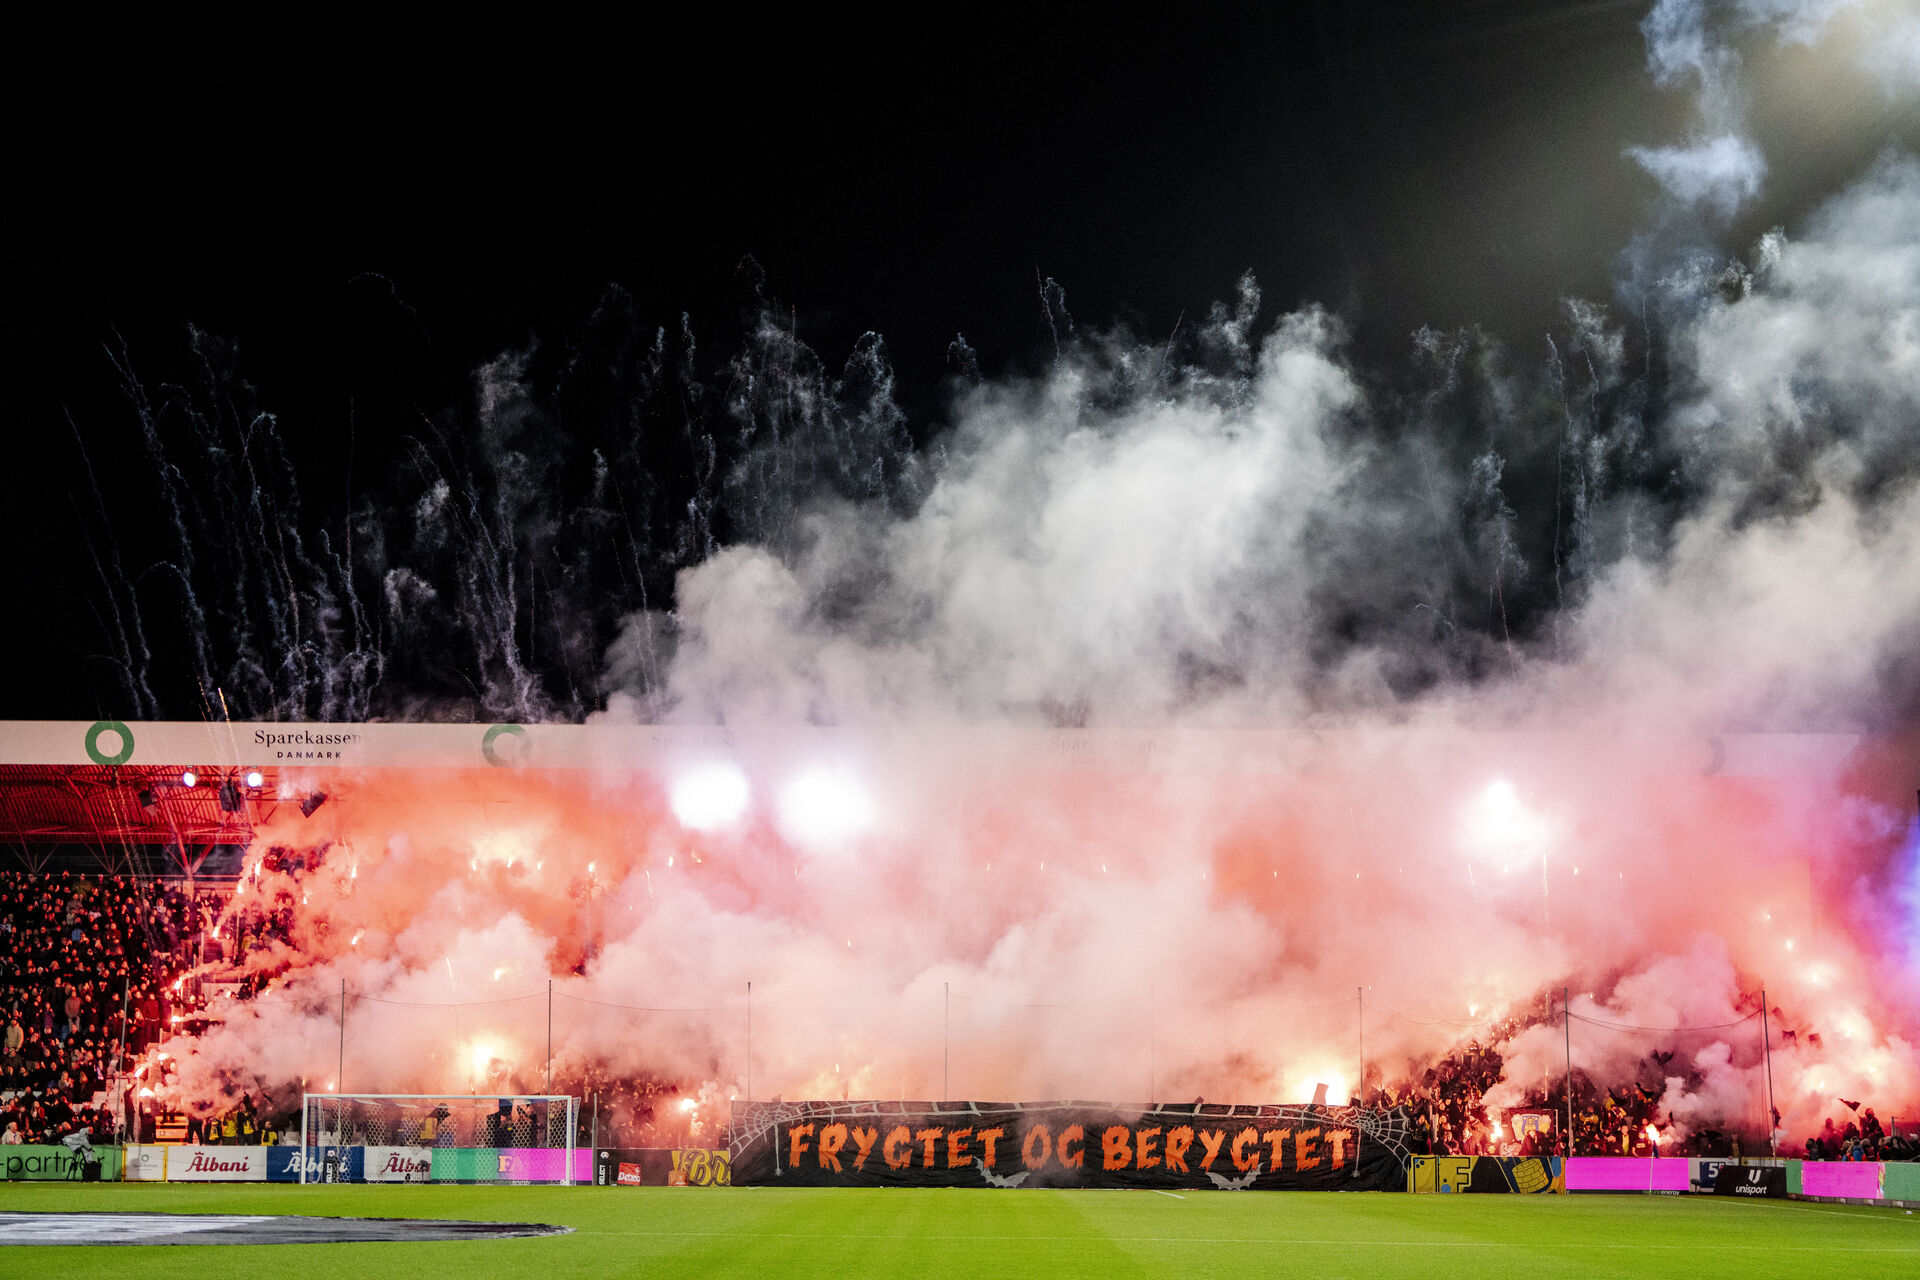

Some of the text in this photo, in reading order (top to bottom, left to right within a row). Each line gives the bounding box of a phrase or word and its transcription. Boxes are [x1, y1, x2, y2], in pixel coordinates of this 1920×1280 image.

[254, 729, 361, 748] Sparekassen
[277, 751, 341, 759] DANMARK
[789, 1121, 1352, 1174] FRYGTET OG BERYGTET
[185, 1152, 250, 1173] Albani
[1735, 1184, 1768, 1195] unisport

-- The task --
When you copy the data above, keep each line exact and omit the pictures.

-- Result of this task --
Some of the text in this photo, in reading order (top to bottom, left to right within a row). Each line gives the bounding box of a phrase or word and its transcription. Boxes are [x1, y1, x2, y2], in pixel coordinates of this 1920×1280 image.

[254, 729, 361, 748] Sparekassen
[277, 751, 341, 759] DANMARK
[789, 1121, 1352, 1174] FRYGTET OG BERYGTET
[185, 1152, 250, 1173] Albani
[1735, 1184, 1768, 1195] unisport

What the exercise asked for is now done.